Information provided Block Start
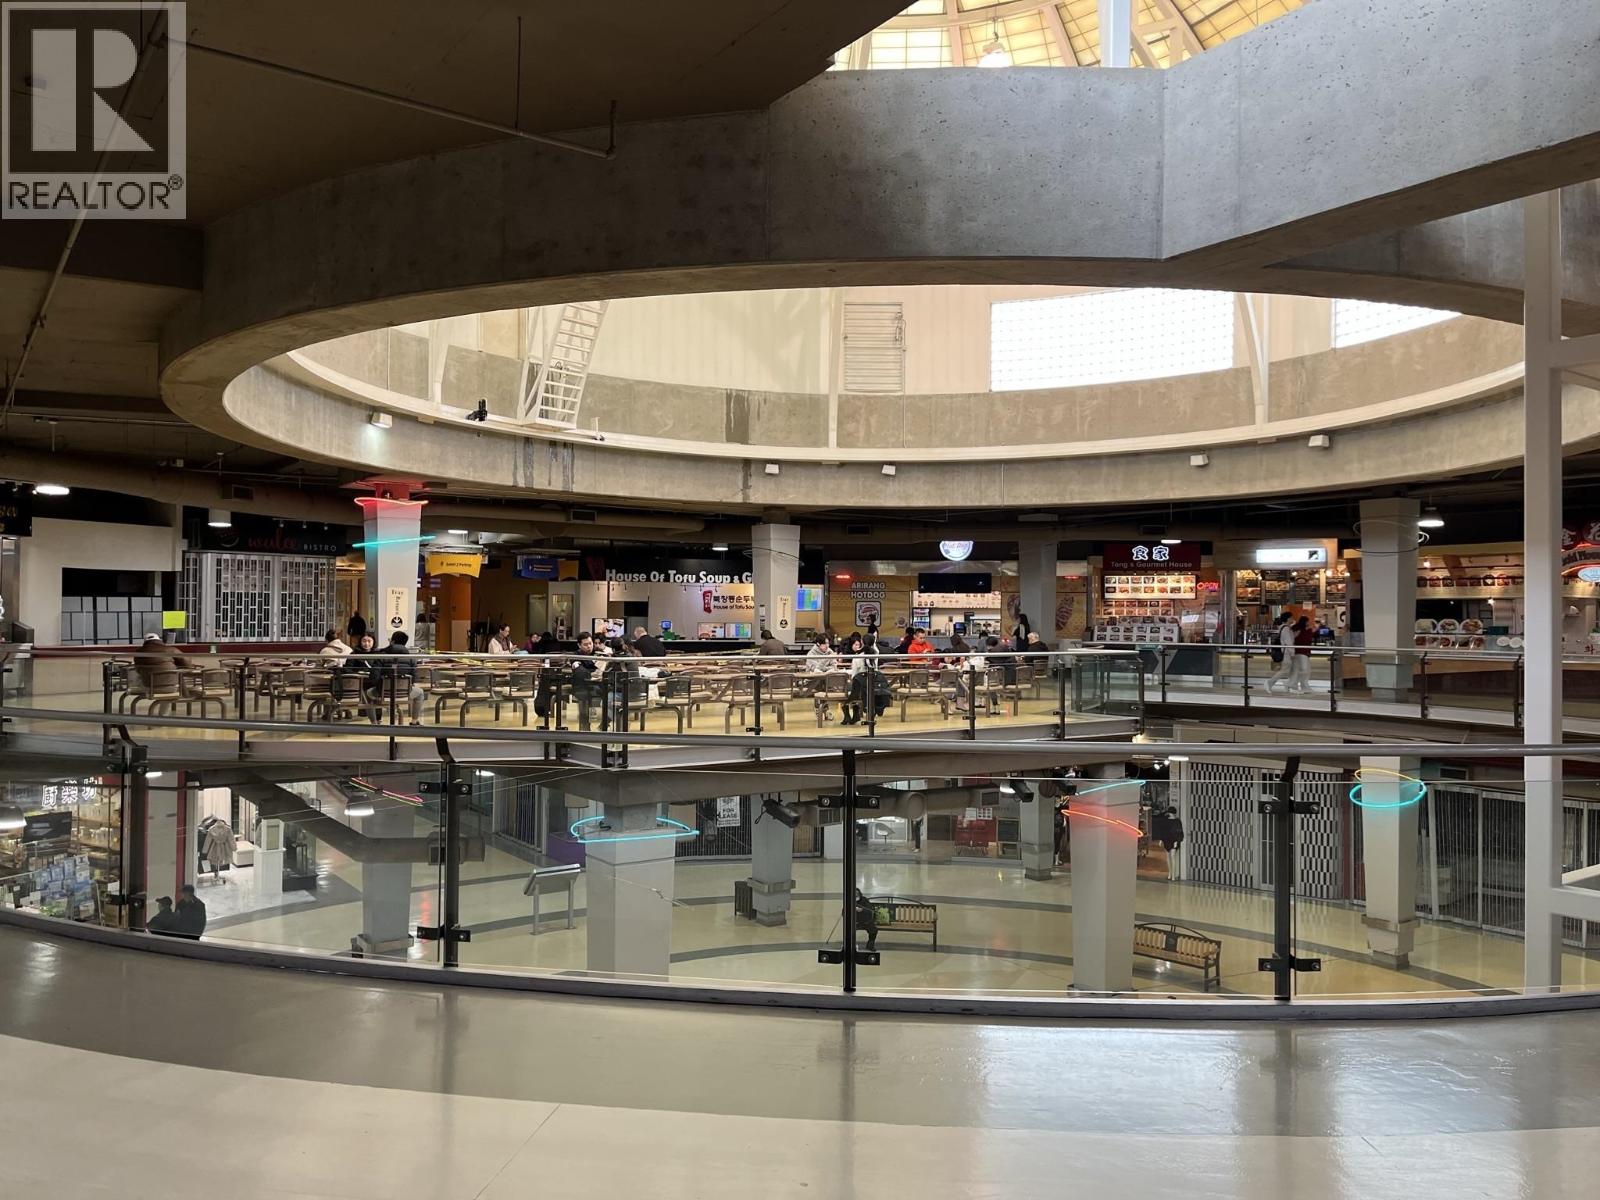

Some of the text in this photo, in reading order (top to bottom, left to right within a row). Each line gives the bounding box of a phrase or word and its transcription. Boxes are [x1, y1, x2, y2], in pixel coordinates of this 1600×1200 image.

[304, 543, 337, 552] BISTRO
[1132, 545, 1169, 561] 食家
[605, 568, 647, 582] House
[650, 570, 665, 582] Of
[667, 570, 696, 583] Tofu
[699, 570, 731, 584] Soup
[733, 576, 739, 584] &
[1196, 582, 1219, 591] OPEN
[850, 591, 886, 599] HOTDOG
Information provided Block End
§ Exercise description:
With the pictures left out, transcribe the material exactly.

§ Written answer:
Some of the text in this photo, in reading order (top to bottom, left to right within a row). Each line gives the bounding box of a phrase or word and its transcription. Boxes are [x1, y1, x2, y2], in pixel coordinates of this 1600×1200 image.

[304, 543, 337, 552] BISTRO
[1132, 545, 1169, 561] 食家
[605, 568, 647, 582] House
[650, 570, 665, 582] Of
[667, 570, 696, 583] Tofu
[699, 570, 731, 584] Soup
[733, 576, 739, 584] &
[1196, 582, 1219, 591] OPEN
[850, 591, 886, 599] HOTDOG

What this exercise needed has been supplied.